Who’s your Brand? ‘Stay on the road, keep off the moors!’

Who’s your Brand?

Stay on the road and keep off the moors!

What a difference a few days makes. You see, I had been taken in. Taken in by the wide-chocolate-button-eyed, smart, focused, and intoxicating lyrical affirmation Russell Brand gifted on his Instagram reels. 

I’d never paid too much attention to him in his ‘hedonistic days’ probably viewing him as a bit gauche, irritating and attention-seeking (plus he looked as if he just needed a good wash). And of course, there were plenty of those stumbling on and off our screens back then. I was too busy keeping up with the ladette culture where promiscuity was all part of the entitlement I felt as a woman. No one was telling me what to drink or who to sleep with. I made my own decisions and f**k those who disapproved. 

I have been alcohol free for a year and a half because, you know, something’s got to give right? And part of this has meant daily check-ins, not with an AA sponsor, but with the sober influencers on social media who help affirm my sobriety by keeping me on the ‘straight n narra’!

When the news first broke about Russell Brand, I’ll admit I was bereft but not surprised. Telling my husband that it really couldn’t be underestimated how his advice on sobriety and seeking a more meaningful life, had helped me … no saved me! You see, at times when self-doubt had set in, almost as if by AI magic, he would pop up on a reel and then all would be well. And I’m imagining this was exactly his MO according to many of the accusations (who knew AI could be in cahoots!) But I had more to say …  what about redemption? What if a leopard really has changed its spots? My husband was not buying it. Before, he had pulled a cautionary face when I would quote something that resonated with me from Brand. As too my sons. Did they see something I didn’t before the allegations broke? I’m guessing they were simply thinking along the same lines as Bob Geldof.

By coincidence I had just watched the Jimmy Saville documentary and was struck by how some people had been left in such a state of understandable confusion trying to make sense of their interactions with him. It was a Stoke Mandeville patient who affected me the most: ‘I’m alive because of Jimmy Saville!’ she said with an apologetic shrug (she hadn’t been a physical victim of his). Head blown, that’s a hard circle to square, or is it?

You see, I’m just your standard middle-aged woman living in the UK. I’m not a TV runner, I’m not a model or comedian, but I realise now that these accusations go way beyond the confines of the TV studios and properties in LA or Henley-on Thames because us chicks of the 90s and noughties, were all exposed to the same stuff: The Big Breakfast (semi-clad beauties flirting on the bed with celebrities), TFI Friday, Men Behaving Badly …. And so this behaviour was normalised. So much so that when a boyfriend might have made a ‘little bit of mascara run’, we had no idea that that wasn’t ok. 

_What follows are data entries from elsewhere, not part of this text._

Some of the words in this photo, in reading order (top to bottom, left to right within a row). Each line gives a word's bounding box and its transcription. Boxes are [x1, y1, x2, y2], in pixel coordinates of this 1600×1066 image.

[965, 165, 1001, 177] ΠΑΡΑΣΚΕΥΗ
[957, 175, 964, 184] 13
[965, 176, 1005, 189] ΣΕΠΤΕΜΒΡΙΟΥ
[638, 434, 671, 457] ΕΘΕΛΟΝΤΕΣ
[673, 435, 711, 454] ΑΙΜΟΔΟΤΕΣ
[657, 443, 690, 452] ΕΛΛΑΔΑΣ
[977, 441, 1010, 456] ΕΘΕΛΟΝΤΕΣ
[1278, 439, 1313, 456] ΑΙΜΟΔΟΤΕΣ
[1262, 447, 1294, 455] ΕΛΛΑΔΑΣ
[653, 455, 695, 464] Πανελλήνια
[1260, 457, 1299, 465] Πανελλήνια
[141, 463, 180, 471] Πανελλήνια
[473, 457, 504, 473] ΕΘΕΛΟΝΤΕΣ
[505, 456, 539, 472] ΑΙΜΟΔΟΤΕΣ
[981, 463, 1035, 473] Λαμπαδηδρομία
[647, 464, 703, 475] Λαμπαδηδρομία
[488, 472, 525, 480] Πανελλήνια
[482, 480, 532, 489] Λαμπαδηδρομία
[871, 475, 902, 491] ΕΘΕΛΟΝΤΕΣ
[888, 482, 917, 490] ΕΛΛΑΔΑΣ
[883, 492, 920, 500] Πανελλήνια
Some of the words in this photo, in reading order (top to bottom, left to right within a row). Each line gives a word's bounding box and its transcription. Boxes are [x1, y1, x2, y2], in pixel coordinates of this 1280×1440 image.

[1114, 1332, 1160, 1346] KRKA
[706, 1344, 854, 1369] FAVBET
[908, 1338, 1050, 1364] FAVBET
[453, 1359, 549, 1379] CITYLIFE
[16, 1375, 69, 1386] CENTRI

This detail is the one that really made me sit up. I had always believed that despite being a bit wild in my youth, I could say, at least, that I had always been in control … until now. Now I see with absolute clarity that we just didn’t have the points of reference to call it out and we were completely bamboozled by the Cool Britannia vibe as a backdrop and where feminism sat in that landscape.

Is it too soon to be grateful that the allegations surrounding Russell Brand have inadvertently ‘awakened’ a generation to the predatory, misogynist crap, we’ve always accepted? I’m sure many people will be differentiating between the serious allegation of rape and the other details in the Dispatches documentary and papers. When we hear his ex-assistant talk of girls calling her the day after upset that they felt used and that he hadn’t called them, we may be guilty of harbouring a feeling of sympathy but agree this is not a criminal offence. And then I’m left wondering how we became so damaged and dysfunctional that bad behaviour can only be agreed on in terms of criminality. That surely is a low benchmark for a kind respectful society.

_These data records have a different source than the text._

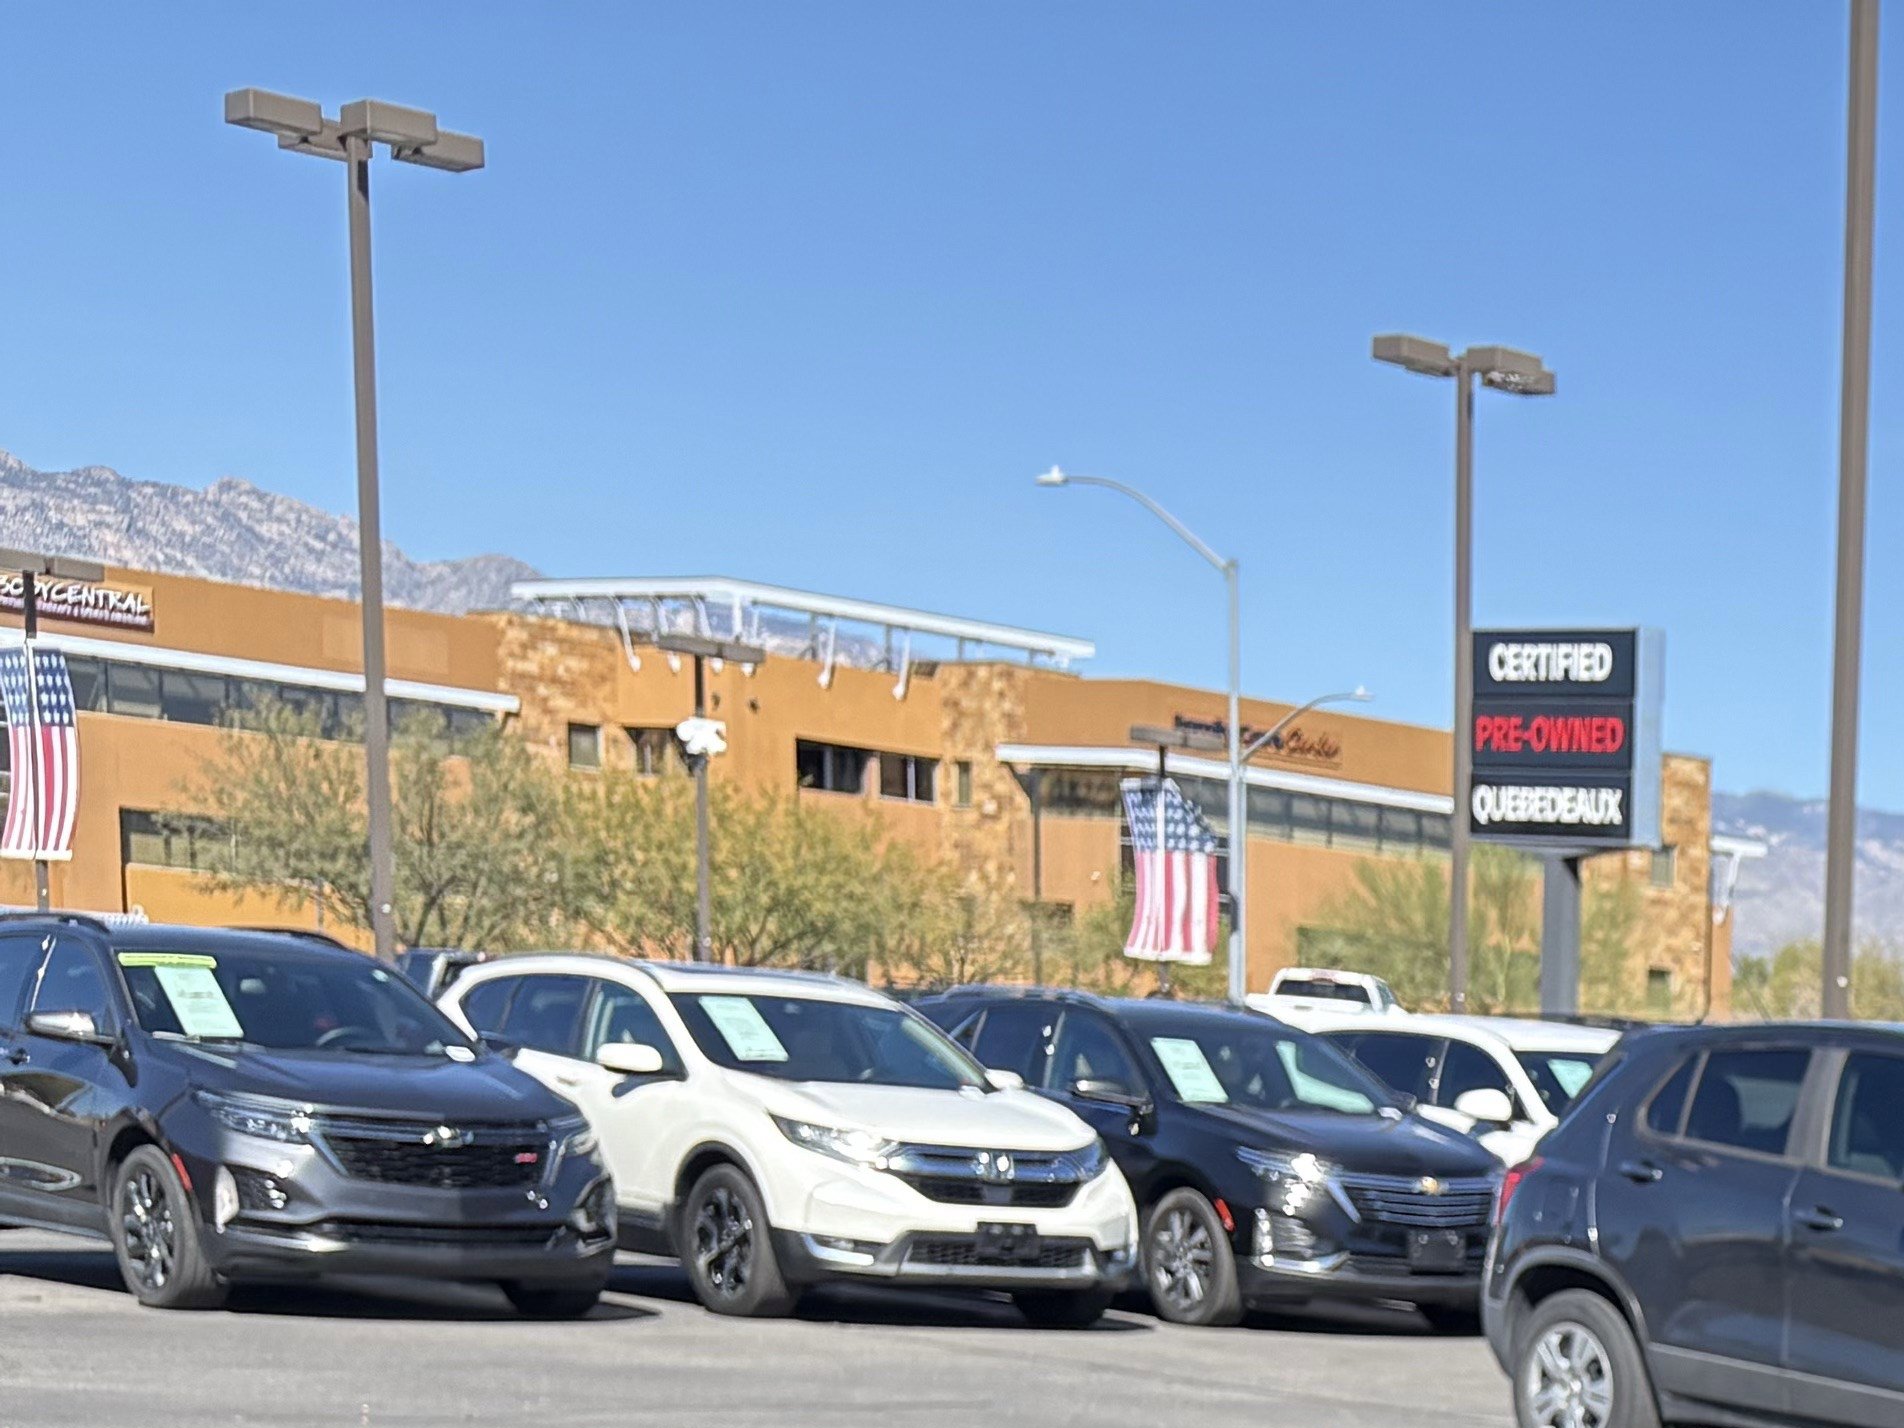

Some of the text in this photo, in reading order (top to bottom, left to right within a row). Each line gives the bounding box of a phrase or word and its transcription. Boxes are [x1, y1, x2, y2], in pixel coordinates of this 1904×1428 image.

[1489, 643, 1613, 682] CERTIFIED
[1475, 715, 1625, 753] PRE-OWNED
[1472, 784, 1623, 825] QUEBEDEAUX
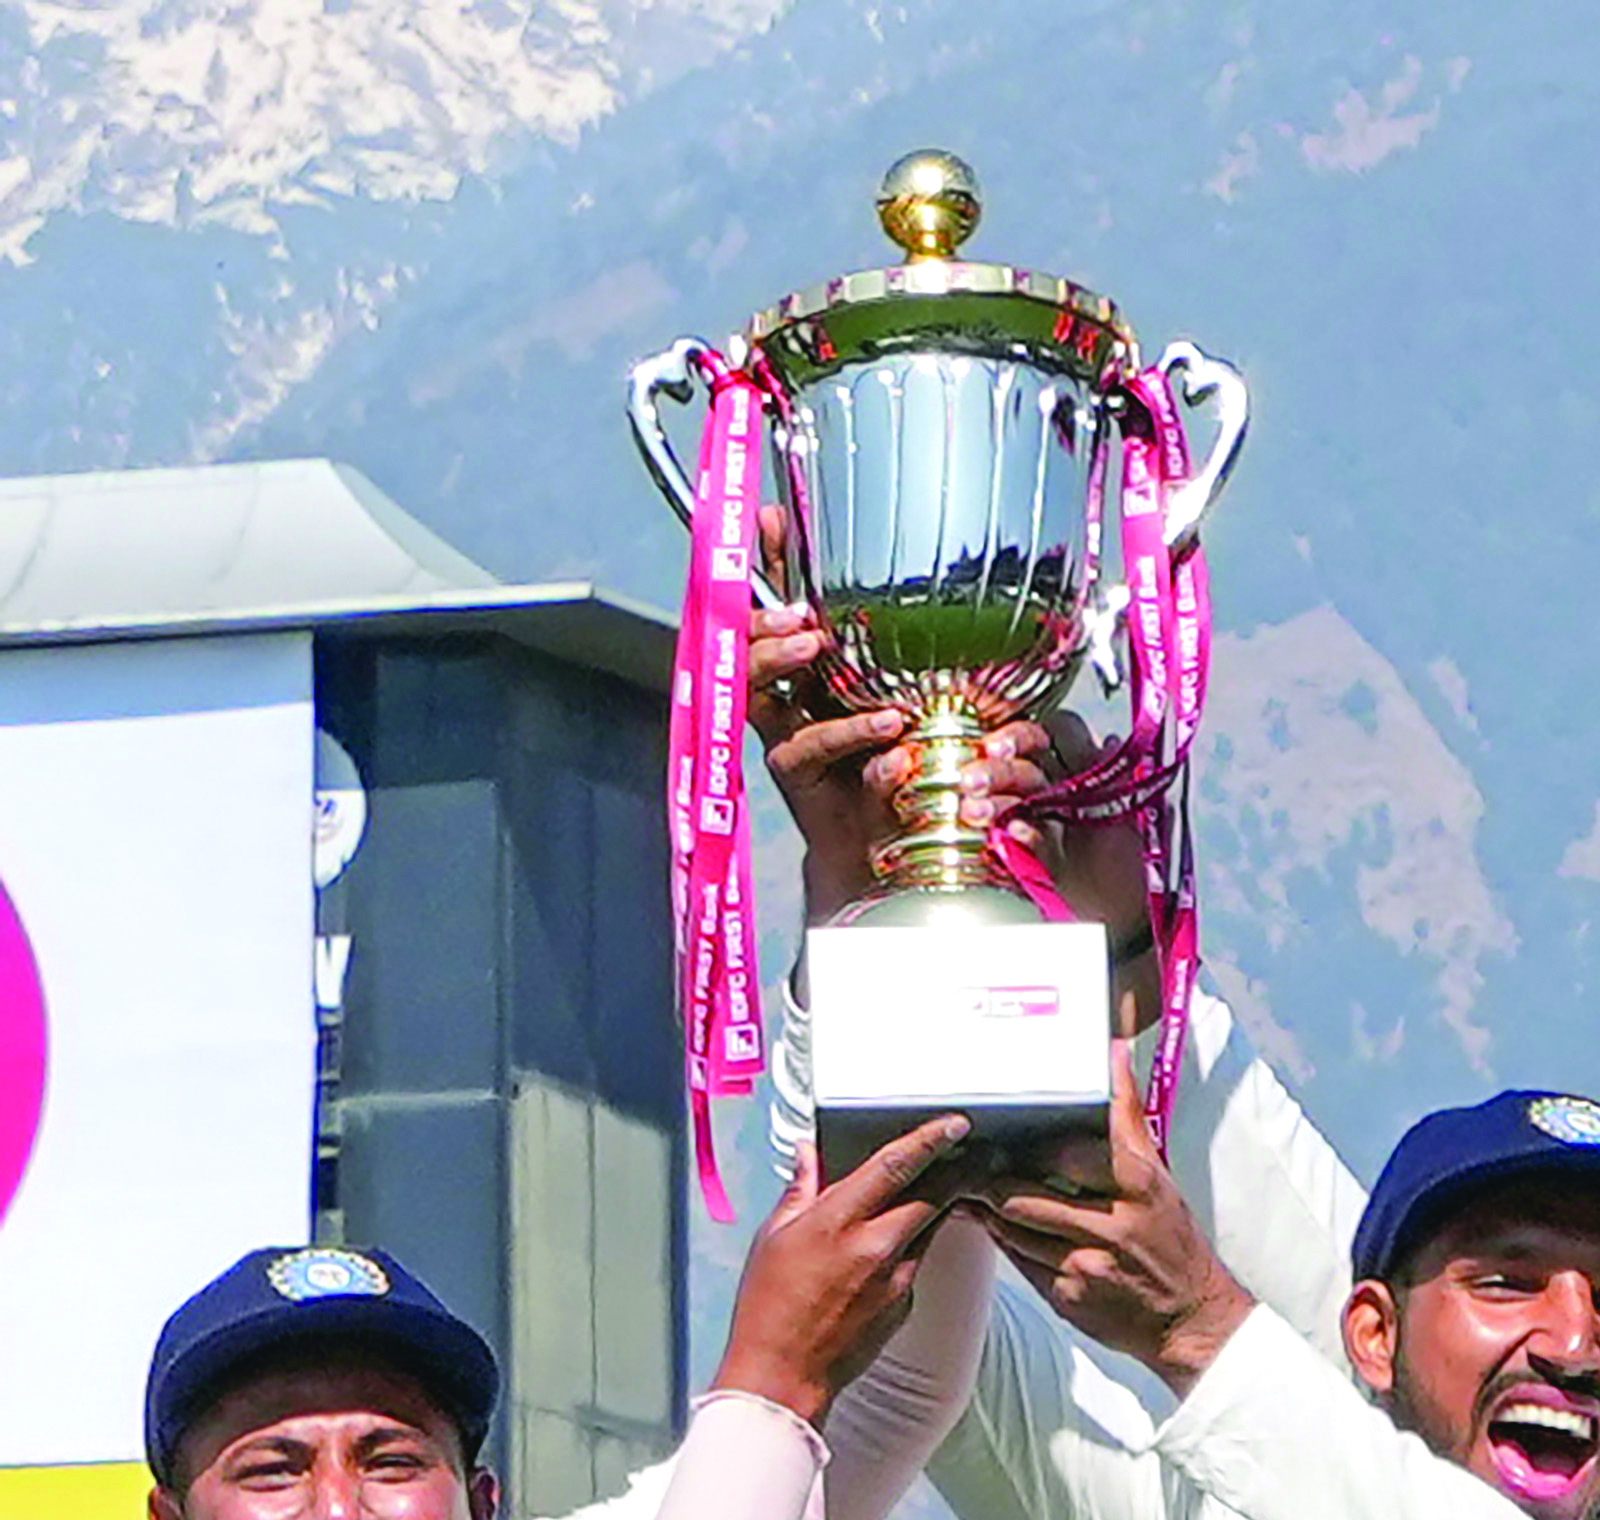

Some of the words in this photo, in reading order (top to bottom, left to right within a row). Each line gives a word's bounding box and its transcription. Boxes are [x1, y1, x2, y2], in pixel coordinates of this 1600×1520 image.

[714, 628, 738, 680] Bank
[711, 682, 735, 743] FIRST
[708, 746, 732, 797] IDFC
[723, 910, 745, 969] FIRST
[727, 970, 749, 1023] IDFC

So yes, what a difference a few days makes. Are we on the cusp of freedom from the cruel disimpassioned permissive society rammed down our throats, which preyed on young women like me who had been sold that ‘Yes’ (or not saying ‘No’), was an expression of feminism? 

You see, growing up in any town in the UK, we all knew one guy like Brand – some girls found them creepy and stayed away (I guess I thought they were just square) but others like me were drawn to them like a Blanche Du Bois to a flame and flattered by their attention no matter how brief that lasted.  We prided ourselves on getting out alive, but we were utterly naïve to the long-term consequences which inevitably, and ironically, would lead us into and caught up in the kimono sleeved arms of the self-anointed wellness gurus and addiction therapists like Brand. Making the toxic cycle complete.

I wish I had realised back then that there’s no shame in heeding the advice, “Stay on the road and keep off the moors”.